2.3.2. Commercial Operation Date Not Met. In the event the
Commercial Operation Date is not achieved by November 24, 1997, ERLB and BPP
shall each have the right, at its sole election, to terminate this Agreement
upon thirty (30) days' written notice to the other; provided, however, that if
within the thirty (30) day period following BPP's receipt of any such
termination notice from ERLB under this Section 2.3.2, BPP provides ERLB
written notice that BPP intends to achieve the Commercial Operation Date on or
before November 24, 1998, the aforesaid termination notice from ERLB shall be
deemed withdrawn and this Agreement shall remain in effect. In the event the
Commercial Operation Date is not achieved by November 24, 1998, and BPP or ERLB
reasonably believes that the Commercial Operation Date will not occur before
November 24, 1999, ERLB or BPP, at its sole election, may terminate this
Agreement by giving written notice of termination to the other.
2.4. Effect of Continuation Under Power Agreement. If BPP
continues to provide service under the Power Agreement beyond the twenty-five
(25) year term provided in Section 2.1, the following shall apply: (i) If the
continuation is voluntary or agreed to by BPP and if the Parties mutually agree
in writing, this Agreement shall continue for a similar length of time. (ii) If
the continuation is required by the Power Agreement or automatically continued
under Section 18.1(a) of the Power Agreement, this Agreement shall continue for
the same length of time as the Power Agreement and both Parties shall continue
to be bound thereby, provided that nothing in this Section 2.4 shall require
that this Agreement shall extend more than 10 years beyond the period of 25
years from the Commercial Operation Date provided in Section 2.1.

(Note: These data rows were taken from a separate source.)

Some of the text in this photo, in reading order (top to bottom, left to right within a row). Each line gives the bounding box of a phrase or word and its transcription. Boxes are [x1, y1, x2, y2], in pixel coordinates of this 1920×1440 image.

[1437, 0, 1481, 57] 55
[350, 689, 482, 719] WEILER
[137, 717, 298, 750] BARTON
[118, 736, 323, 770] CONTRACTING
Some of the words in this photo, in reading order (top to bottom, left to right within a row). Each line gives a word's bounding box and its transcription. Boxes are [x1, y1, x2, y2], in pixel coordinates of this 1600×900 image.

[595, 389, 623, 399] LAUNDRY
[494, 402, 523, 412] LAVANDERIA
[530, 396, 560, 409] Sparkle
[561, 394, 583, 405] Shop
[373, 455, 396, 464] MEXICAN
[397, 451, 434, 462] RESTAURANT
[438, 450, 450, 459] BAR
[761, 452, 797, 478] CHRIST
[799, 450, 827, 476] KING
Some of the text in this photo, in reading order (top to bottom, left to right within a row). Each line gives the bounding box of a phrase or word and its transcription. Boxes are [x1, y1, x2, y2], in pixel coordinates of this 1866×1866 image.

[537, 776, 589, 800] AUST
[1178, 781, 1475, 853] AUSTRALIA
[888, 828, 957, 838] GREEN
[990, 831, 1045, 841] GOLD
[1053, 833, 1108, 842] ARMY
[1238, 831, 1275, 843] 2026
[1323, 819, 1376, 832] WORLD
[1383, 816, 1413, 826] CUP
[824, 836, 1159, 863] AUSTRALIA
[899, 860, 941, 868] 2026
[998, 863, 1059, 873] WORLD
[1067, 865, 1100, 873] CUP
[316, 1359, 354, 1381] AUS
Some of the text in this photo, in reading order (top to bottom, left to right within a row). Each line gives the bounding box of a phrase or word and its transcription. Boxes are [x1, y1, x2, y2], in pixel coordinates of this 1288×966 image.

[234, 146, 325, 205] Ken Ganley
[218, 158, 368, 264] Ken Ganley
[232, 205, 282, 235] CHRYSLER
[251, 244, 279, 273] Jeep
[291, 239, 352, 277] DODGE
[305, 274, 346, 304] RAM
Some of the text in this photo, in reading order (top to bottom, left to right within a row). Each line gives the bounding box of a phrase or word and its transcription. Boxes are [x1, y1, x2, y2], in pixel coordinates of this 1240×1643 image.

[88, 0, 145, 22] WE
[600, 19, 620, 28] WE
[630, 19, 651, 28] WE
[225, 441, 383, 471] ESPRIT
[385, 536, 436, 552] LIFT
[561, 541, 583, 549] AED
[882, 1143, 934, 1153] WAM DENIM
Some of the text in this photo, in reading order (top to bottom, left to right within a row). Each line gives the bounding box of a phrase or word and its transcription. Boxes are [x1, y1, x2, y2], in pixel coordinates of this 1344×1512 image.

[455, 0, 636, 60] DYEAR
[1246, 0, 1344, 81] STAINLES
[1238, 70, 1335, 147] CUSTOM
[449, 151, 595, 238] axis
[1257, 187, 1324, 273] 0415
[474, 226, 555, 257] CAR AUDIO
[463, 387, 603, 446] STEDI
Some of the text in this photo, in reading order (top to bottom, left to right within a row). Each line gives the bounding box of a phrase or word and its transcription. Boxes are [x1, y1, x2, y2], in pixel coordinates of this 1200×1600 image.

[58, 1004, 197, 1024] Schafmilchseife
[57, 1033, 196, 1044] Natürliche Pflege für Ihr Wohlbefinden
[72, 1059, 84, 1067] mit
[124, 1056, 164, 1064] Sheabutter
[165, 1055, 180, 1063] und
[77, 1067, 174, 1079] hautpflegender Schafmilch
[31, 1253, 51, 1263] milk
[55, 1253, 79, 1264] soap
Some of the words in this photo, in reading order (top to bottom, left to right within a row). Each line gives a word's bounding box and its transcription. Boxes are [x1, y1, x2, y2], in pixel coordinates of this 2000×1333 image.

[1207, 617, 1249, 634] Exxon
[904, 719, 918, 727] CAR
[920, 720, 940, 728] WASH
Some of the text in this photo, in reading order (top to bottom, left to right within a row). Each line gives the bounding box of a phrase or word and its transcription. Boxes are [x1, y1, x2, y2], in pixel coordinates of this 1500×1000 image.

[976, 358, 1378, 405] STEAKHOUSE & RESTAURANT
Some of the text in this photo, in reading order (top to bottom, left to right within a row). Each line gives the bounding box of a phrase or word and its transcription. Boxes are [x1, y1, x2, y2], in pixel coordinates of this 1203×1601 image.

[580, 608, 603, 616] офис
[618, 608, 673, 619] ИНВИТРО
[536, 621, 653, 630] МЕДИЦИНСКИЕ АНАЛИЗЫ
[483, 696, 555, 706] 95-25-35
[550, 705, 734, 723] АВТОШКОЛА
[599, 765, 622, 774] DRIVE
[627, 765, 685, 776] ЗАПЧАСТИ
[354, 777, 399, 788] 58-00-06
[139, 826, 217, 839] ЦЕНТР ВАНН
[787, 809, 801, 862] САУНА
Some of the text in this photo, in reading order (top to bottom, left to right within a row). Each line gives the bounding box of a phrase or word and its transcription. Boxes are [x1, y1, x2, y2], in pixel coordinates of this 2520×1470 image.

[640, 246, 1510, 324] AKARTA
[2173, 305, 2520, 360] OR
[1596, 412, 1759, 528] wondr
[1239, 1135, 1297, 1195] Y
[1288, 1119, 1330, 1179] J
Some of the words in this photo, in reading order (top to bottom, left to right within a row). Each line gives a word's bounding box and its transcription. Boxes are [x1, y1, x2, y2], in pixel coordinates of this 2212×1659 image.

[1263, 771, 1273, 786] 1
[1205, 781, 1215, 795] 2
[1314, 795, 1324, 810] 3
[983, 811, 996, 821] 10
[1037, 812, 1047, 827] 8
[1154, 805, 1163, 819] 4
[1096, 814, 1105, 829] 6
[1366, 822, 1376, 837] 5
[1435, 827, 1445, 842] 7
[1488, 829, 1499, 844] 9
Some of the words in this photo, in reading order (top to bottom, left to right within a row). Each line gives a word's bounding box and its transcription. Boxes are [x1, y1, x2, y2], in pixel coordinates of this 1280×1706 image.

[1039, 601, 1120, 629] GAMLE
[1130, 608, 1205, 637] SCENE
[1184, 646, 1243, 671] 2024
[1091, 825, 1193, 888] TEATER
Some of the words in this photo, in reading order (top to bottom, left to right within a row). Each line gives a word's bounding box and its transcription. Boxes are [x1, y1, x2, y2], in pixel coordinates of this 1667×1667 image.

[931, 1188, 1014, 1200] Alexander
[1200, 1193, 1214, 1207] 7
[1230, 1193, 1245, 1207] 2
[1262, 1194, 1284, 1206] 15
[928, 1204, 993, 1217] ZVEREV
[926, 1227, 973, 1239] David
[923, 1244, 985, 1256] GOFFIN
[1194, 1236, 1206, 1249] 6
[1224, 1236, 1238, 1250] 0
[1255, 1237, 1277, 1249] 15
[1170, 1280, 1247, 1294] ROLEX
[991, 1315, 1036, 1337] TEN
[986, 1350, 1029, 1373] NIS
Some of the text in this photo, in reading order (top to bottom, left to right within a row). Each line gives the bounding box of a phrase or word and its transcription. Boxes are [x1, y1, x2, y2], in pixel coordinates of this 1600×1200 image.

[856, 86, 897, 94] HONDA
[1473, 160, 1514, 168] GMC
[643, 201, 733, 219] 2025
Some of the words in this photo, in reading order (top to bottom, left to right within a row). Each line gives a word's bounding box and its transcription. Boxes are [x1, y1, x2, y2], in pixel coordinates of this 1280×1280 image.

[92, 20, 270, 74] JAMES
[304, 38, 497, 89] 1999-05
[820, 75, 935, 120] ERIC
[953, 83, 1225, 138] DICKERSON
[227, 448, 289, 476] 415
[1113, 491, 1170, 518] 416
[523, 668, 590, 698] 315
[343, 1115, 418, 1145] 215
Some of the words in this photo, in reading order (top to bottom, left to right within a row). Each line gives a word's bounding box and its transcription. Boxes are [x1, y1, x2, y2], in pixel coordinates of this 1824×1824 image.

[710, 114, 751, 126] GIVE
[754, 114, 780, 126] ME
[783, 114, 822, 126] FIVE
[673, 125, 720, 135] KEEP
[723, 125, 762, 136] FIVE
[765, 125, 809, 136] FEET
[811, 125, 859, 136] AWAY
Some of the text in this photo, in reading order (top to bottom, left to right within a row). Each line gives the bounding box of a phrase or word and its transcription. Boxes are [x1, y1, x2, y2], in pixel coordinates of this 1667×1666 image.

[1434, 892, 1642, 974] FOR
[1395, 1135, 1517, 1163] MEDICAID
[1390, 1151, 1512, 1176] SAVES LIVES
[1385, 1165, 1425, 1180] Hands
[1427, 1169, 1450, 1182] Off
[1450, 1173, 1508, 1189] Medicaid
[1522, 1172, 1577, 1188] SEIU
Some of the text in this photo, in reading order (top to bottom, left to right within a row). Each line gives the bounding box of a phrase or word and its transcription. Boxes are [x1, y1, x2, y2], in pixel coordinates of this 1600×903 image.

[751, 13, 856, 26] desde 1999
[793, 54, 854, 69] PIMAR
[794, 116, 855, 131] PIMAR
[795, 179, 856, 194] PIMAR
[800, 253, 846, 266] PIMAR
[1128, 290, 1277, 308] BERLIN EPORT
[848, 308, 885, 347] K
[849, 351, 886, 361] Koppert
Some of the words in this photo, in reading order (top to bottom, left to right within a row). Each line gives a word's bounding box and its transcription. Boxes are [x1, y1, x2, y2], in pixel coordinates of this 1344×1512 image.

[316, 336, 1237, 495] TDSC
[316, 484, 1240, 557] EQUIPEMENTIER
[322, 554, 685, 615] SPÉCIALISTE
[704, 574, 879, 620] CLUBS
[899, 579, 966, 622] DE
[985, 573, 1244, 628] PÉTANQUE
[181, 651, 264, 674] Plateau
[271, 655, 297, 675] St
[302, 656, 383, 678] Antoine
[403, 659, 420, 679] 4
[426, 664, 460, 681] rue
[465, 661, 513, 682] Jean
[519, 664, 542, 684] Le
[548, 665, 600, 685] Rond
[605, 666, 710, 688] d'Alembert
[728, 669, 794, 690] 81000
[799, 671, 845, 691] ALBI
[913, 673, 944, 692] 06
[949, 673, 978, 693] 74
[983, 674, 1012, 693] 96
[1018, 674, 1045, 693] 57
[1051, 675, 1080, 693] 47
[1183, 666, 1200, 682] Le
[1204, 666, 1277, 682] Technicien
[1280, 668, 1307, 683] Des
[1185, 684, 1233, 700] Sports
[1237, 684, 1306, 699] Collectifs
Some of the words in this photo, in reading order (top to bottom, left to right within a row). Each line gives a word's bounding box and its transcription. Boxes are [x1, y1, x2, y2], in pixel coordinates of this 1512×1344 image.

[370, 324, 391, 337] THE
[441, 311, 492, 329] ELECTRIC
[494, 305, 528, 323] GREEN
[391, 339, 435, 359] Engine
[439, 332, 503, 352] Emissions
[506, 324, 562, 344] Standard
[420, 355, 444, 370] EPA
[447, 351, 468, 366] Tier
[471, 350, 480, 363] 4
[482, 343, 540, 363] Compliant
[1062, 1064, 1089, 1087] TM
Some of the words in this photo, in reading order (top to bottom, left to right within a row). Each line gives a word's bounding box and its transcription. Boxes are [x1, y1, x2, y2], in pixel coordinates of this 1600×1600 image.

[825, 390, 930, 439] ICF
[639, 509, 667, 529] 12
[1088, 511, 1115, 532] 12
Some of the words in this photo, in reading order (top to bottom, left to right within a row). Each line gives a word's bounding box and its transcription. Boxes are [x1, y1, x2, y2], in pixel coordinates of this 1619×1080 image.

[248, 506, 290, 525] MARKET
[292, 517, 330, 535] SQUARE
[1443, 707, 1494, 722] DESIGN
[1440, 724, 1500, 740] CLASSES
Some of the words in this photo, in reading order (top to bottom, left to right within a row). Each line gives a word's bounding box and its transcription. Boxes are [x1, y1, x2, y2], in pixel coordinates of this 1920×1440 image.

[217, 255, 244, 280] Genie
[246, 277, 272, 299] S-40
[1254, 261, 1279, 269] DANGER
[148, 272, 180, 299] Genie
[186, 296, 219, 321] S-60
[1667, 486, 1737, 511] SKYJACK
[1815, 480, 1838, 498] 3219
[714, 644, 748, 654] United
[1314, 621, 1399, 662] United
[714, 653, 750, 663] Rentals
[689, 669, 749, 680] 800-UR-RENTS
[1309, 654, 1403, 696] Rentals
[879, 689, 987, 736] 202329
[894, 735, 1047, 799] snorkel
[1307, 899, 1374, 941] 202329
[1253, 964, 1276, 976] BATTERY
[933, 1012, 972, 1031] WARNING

2.5. Effect of the Termination of a Coal Supply Agreement.
(a) If the Coal Supply Agreement terminates for any reason before the end
of the term of this Agreement, BPP and ERLB shall use their best efforts for a
period of six (6) months following
5
9
notice from BPP to ERLB of such termination (or anticipated termination) to
secure a replacement coal supply agreement with a coal supplier(s) or
provider(s) located on the CSXT system, for the balance of the 25-year period
then remaining on this Agreement. If within such six-month period BPP does not
secure a new coal supply agreement under which the sum of (i) the price for
coal and (ii) the cost of transportation of coal under this Agreement is equal
to or less than the then applicable Fuel Compensation Price which BPP is
entitled to receive under the Power Agreement, then BPP shall be free to
arrange for an alternative coal supply and coal transportation arrangements
outside of the CSXT system and to terminate this Agreement on written notice to
ERLB; provided, however, if the sum of (x) the price of coal and (y) the cost
of transportation on such alternative system is also greater than the then
applicable Fuel Compensation Price which BPP is entitled to receive under the
Power Agreement, BPP will provide ERLB an opportunity of ten (10) business days
to match such total price prior to finalizing such alternative arrangement and
terminating this Agreement. During the period from termination of the Coal
Supply Agreement and until BPP has secured a new coal supply or terminates this
Agreement under this Section 2.5, BPP shall be free to purchase coal on the
spot market from CSXT served origination points and elect to pay the
transportation rates set forth on Attachment A hereto.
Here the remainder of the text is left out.